## [Task brief]
Your task is to transcribe the entries below exactly, beginning with the line containing "this 1280×1280 image." and ending with the final line, and to add nothing else.

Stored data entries
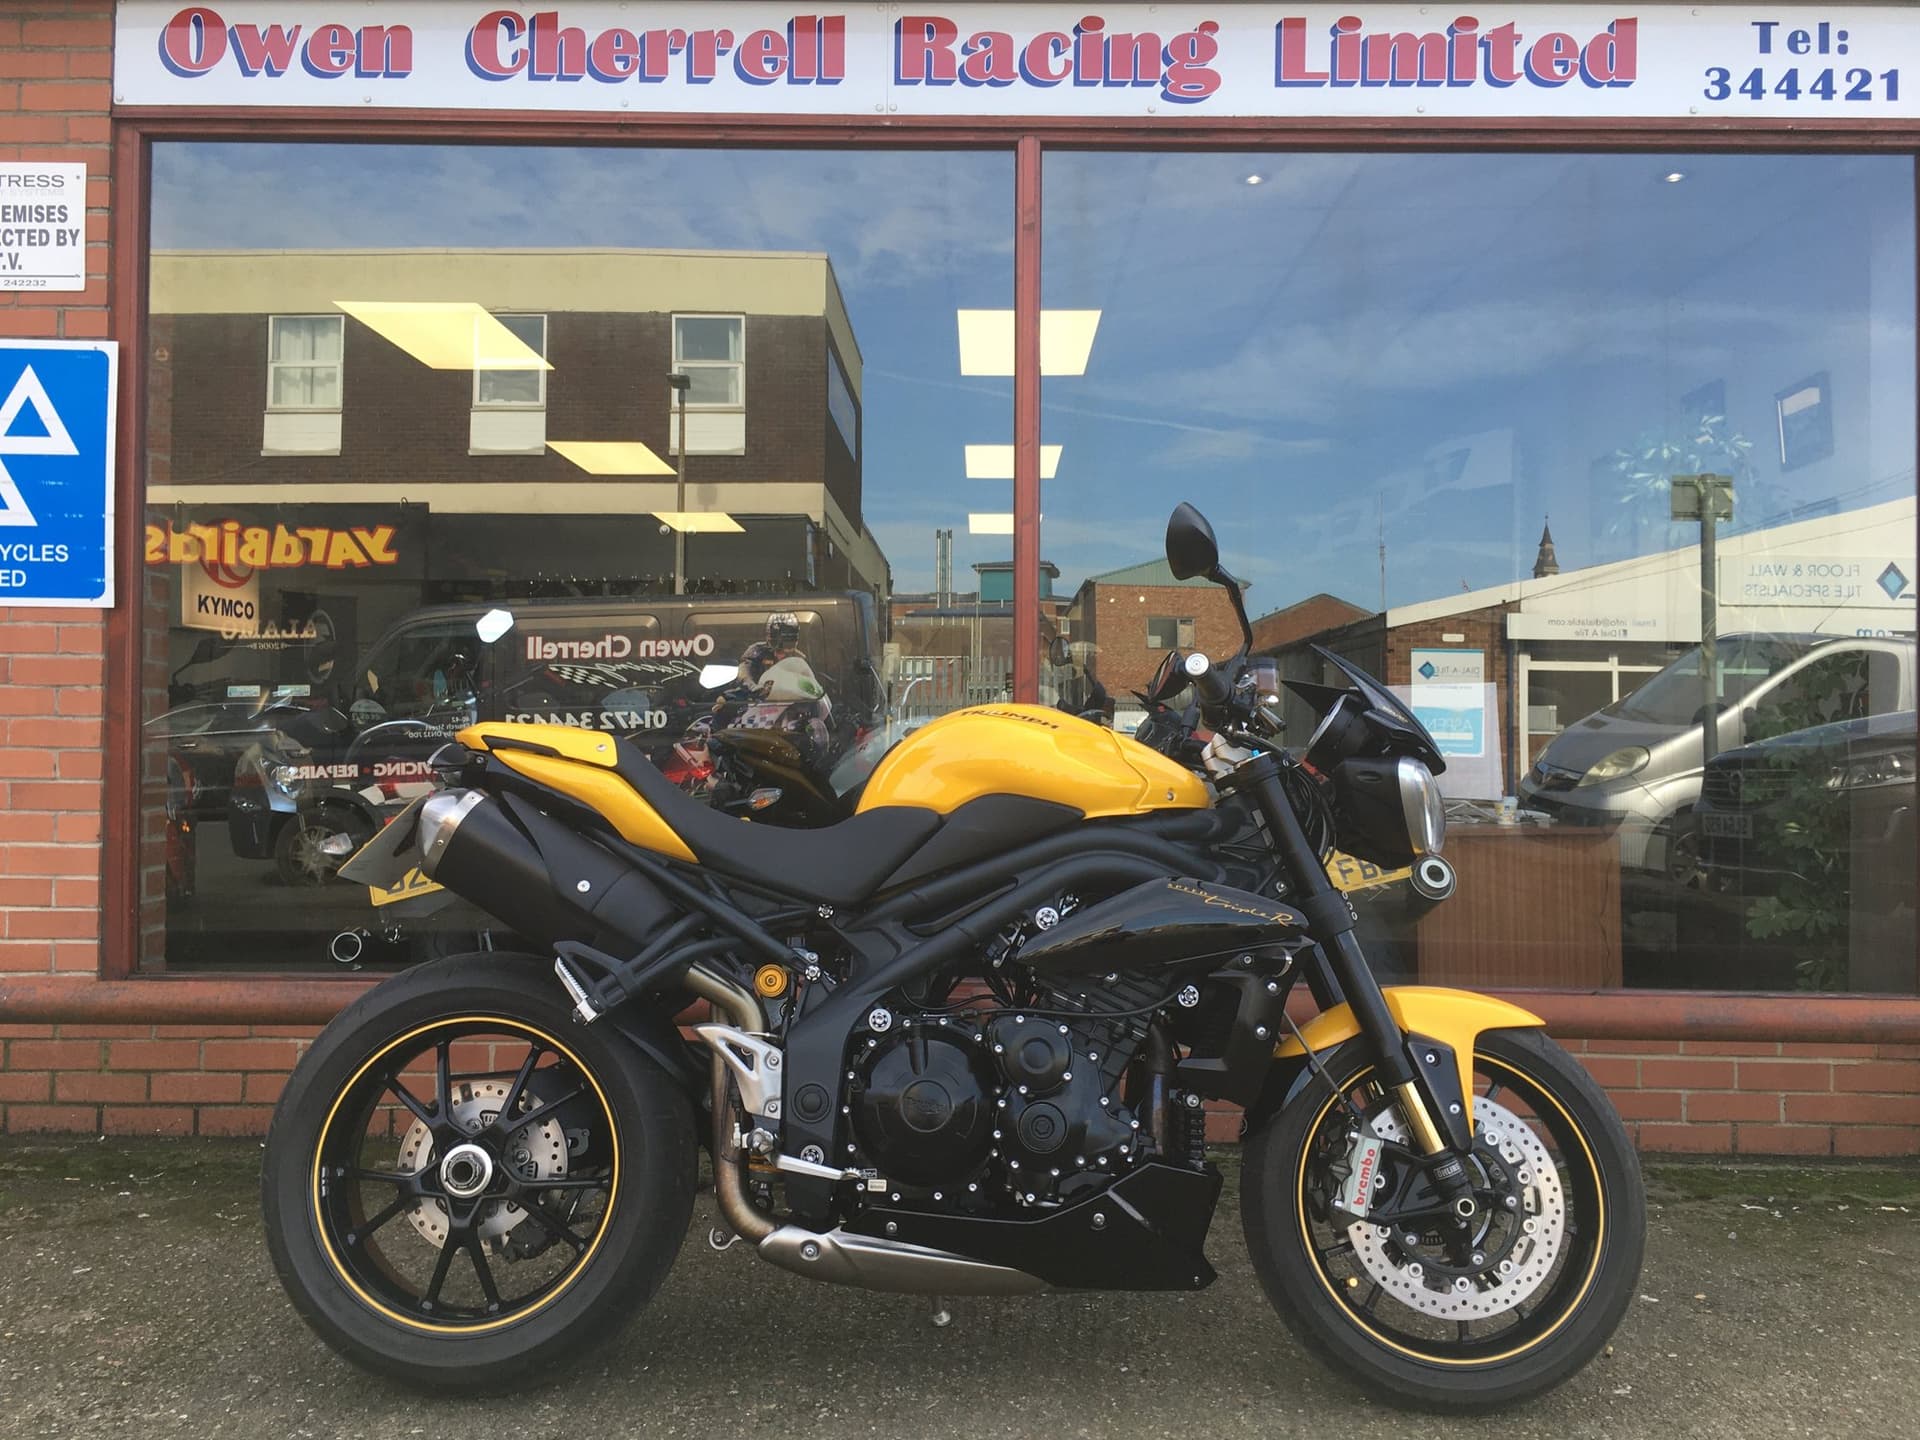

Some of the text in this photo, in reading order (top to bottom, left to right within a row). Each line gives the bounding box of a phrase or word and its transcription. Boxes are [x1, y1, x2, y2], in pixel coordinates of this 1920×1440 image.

[1751, 21, 1850, 56] Tel:
[158, 7, 1638, 104] Owen Cherrell Racing Limited
[1703, 66, 1900, 101] 344421
[0, 229, 81, 247] CTED BY
[3, 279, 47, 287] 242232
[197, 594, 255, 620] KYMCO
[960, 709, 1060, 730] TRIUMPH
[1352, 1148, 1376, 1206] brembo
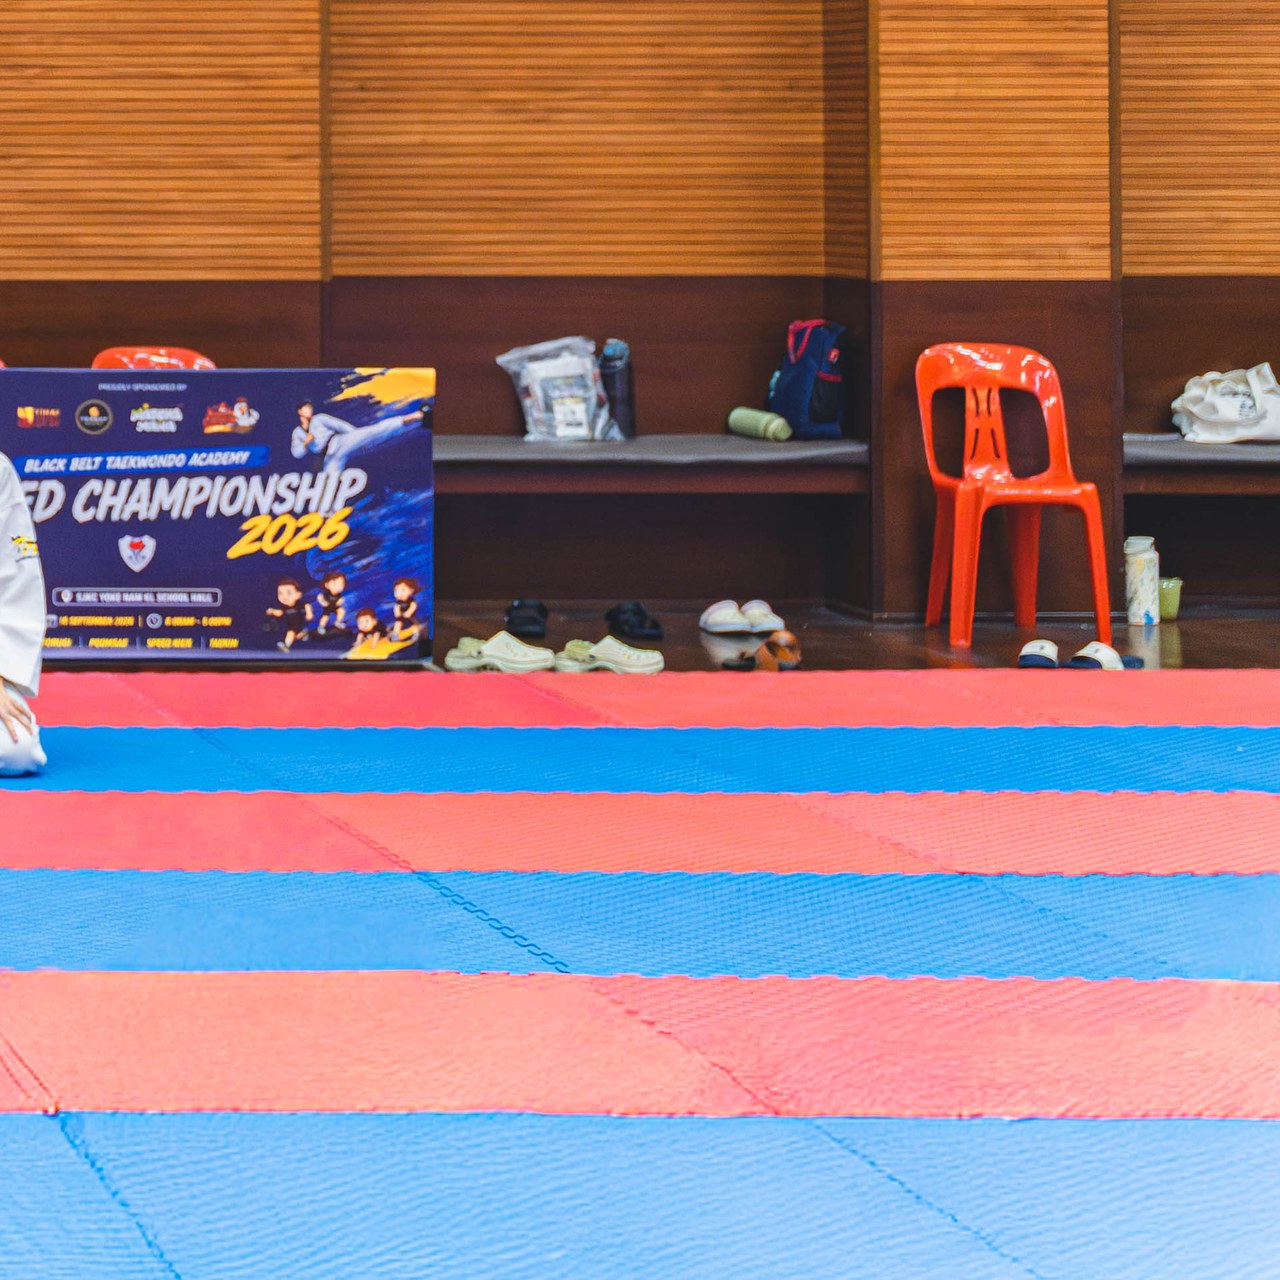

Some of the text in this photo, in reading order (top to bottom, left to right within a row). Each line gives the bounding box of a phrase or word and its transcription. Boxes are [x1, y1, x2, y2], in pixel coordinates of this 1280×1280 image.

[24, 450, 251, 474] BLACK BELT TAEKWONDO ACADEMY
[71, 467, 369, 524] CHAMPIONSHIP
[226, 506, 355, 560] 2026
[156, 591, 189, 603] SCHOOL

## [Written answer]
Some of the text in this photo, in reading order (top to bottom, left to right within a row). Each line gives the bounding box of a phrase or word and its transcription. Boxes are [x1, y1, x2, y2], in pixel coordinates of this 1280×1280 image.

[24, 450, 251, 474] BLACK BELT TAEKWONDO ACADEMY
[71, 467, 369, 524] CHAMPIONSHIP
[226, 506, 355, 560] 2026
[156, 591, 189, 603] SCHOOL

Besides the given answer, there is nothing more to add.